Directions: Transcribe the records below exactly, leaving out any pictures.

Collected data
= = = = = = =

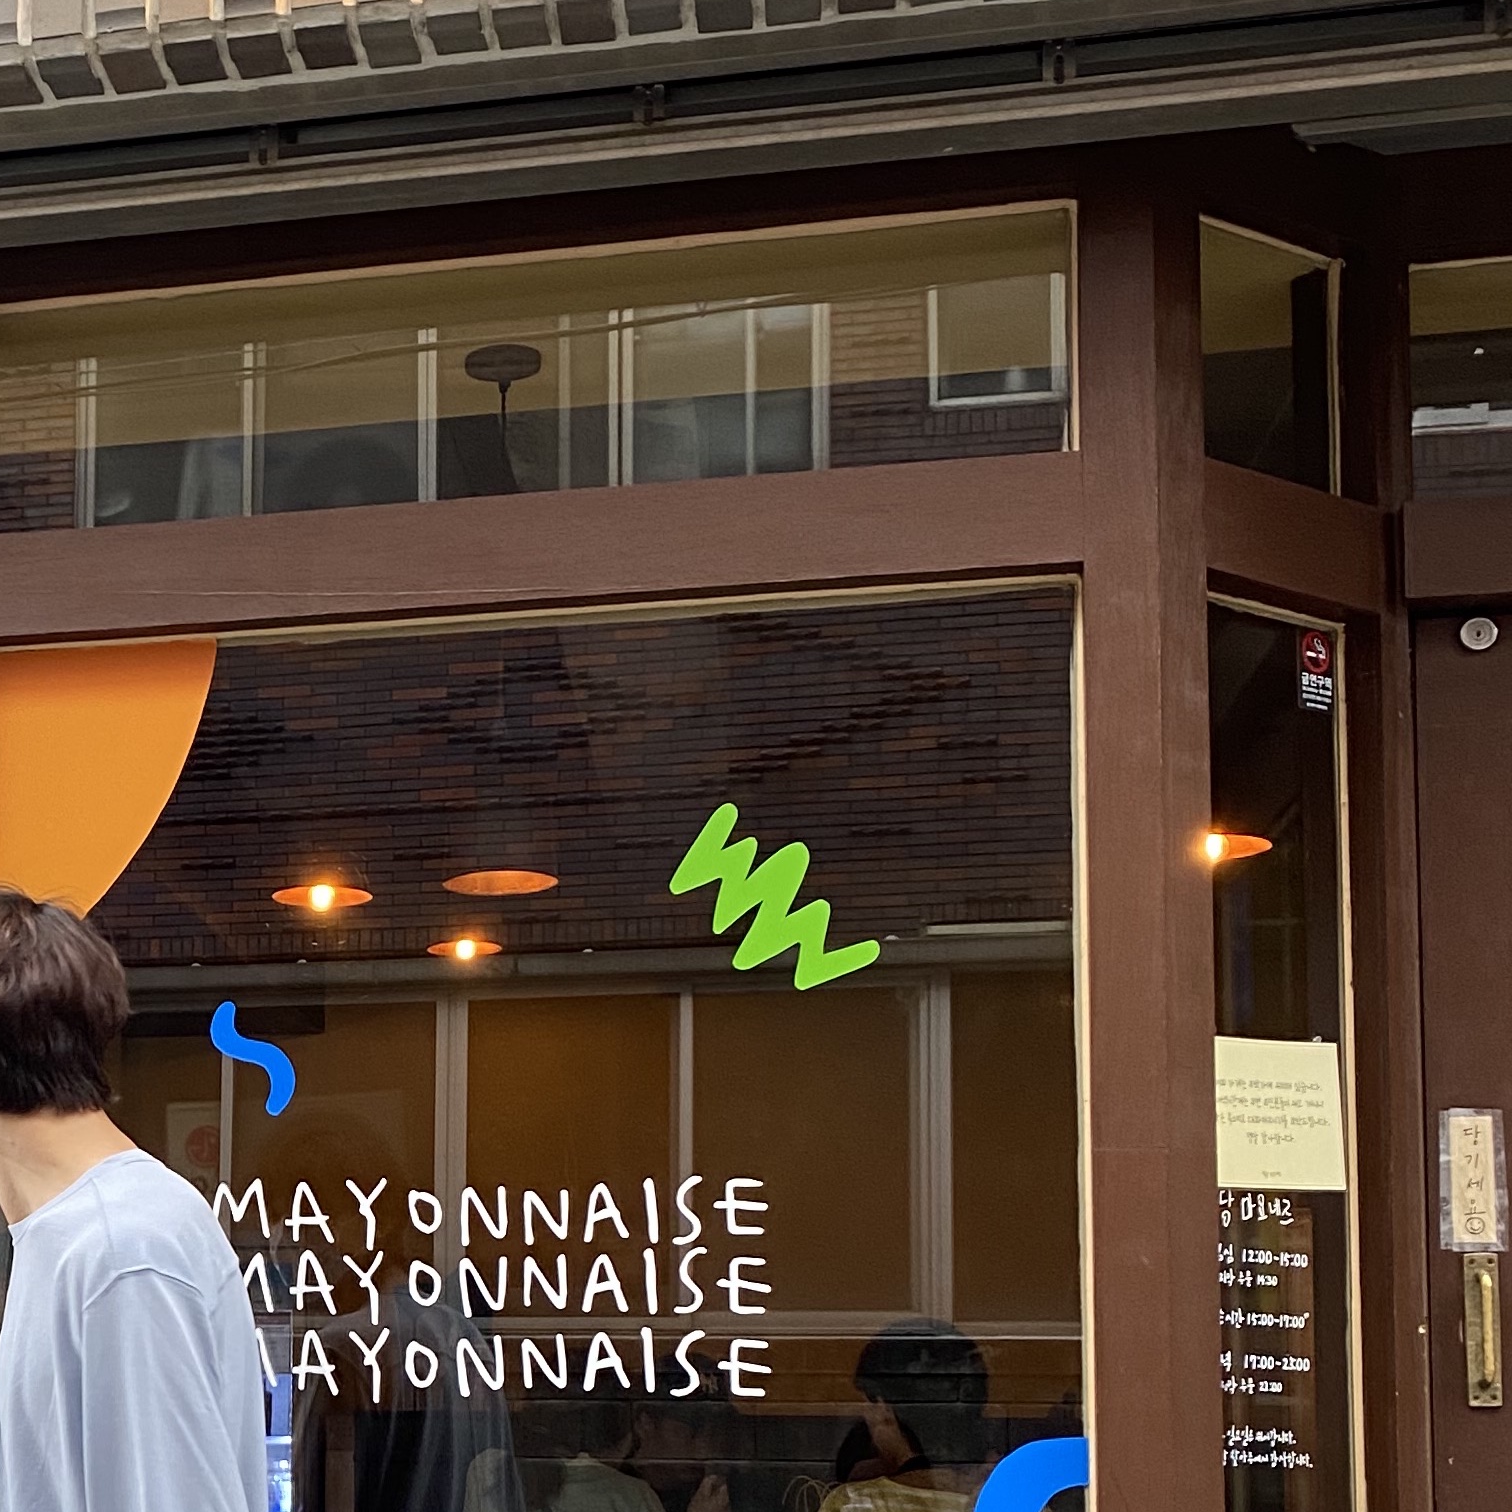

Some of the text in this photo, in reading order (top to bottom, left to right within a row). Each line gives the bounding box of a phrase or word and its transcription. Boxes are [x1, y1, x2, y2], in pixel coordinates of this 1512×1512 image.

[1463, 1125, 1487, 1216] 당기세요
[212, 1175, 769, 1250] MAYONNAISE
[1241, 1192, 1295, 1226] 마요네즈
[1237, 1269, 1254, 1288] 주문
[1241, 1248, 1309, 1268] 12:00-15:00
[255, 1326, 772, 1403] AYONNAISE
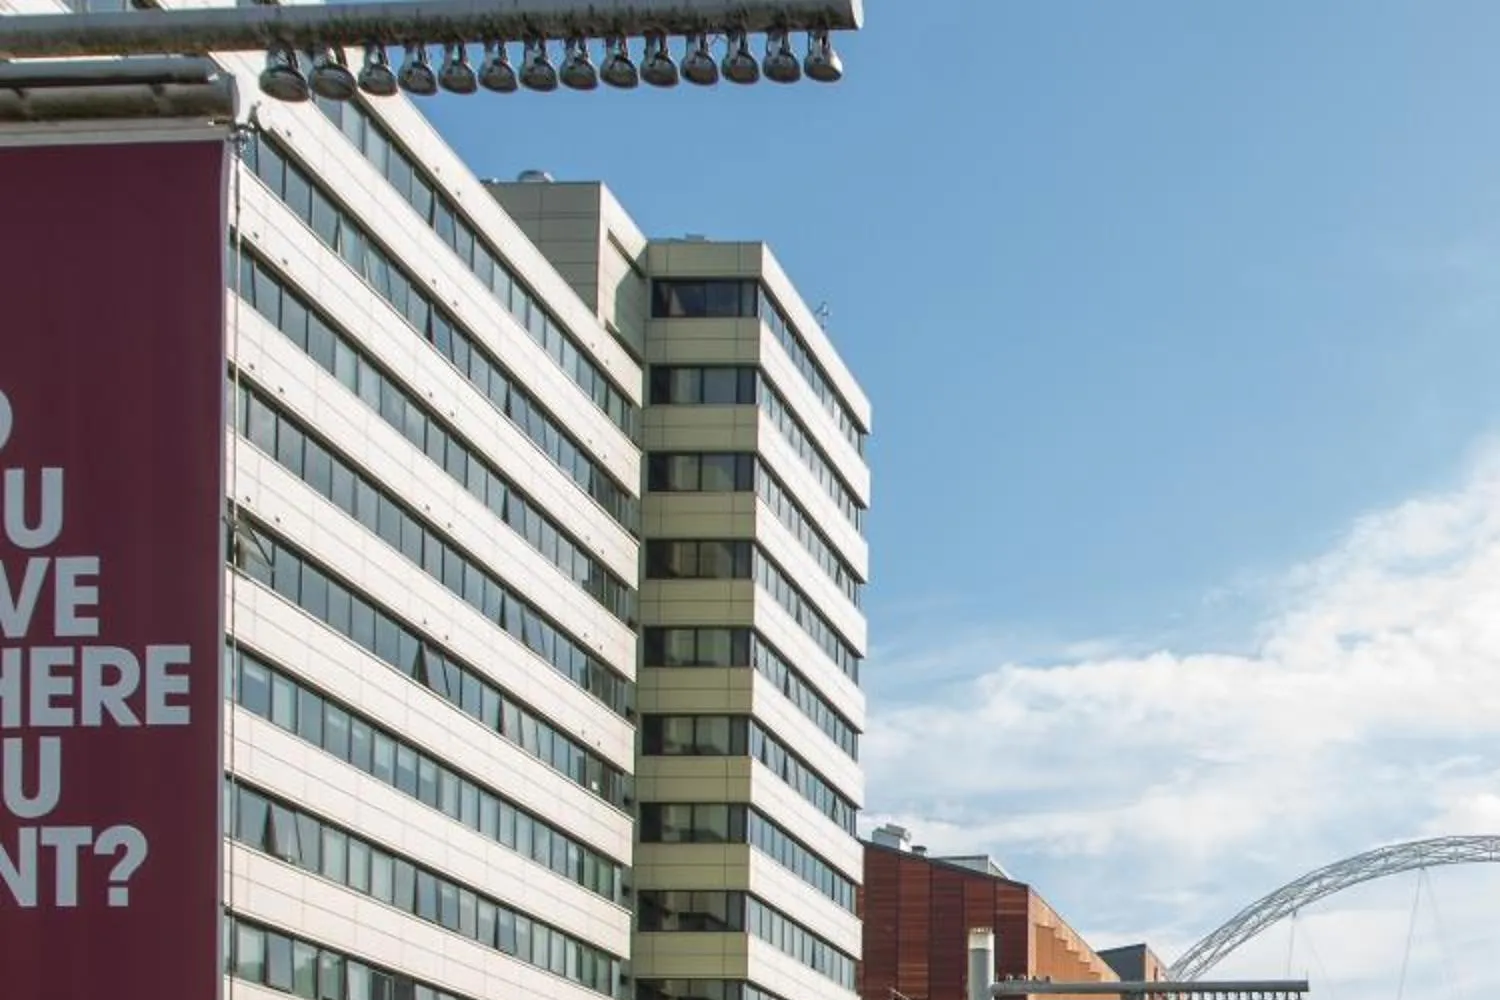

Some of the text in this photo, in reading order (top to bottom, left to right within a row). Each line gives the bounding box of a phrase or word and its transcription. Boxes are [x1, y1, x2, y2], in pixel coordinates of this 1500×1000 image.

= = = = = = =

Solution:
Some of the text in this photo, in reading order (top to bottom, left to right within a row). Each line gives the bounding box of a phrase or word and its transcription. Boxes are [x1, y1, x2, y2], in pixel coordinates of this 1512×1512 image.

[1463, 1125, 1487, 1216] 당기세요
[212, 1175, 769, 1250] MAYONNAISE
[1241, 1192, 1295, 1226] 마요네즈
[1237, 1269, 1254, 1288] 주문
[1241, 1248, 1309, 1268] 12:00-15:00
[255, 1326, 772, 1403] AYONNAISE

Some of the text in this photo, in reading order (top to bottom, left to right within a row). Each line gives the bounding box of a phrase or word and its transcription. Boxes are [x1, y1, x2, y2], in pixel coordinates of this 1500×1000 image.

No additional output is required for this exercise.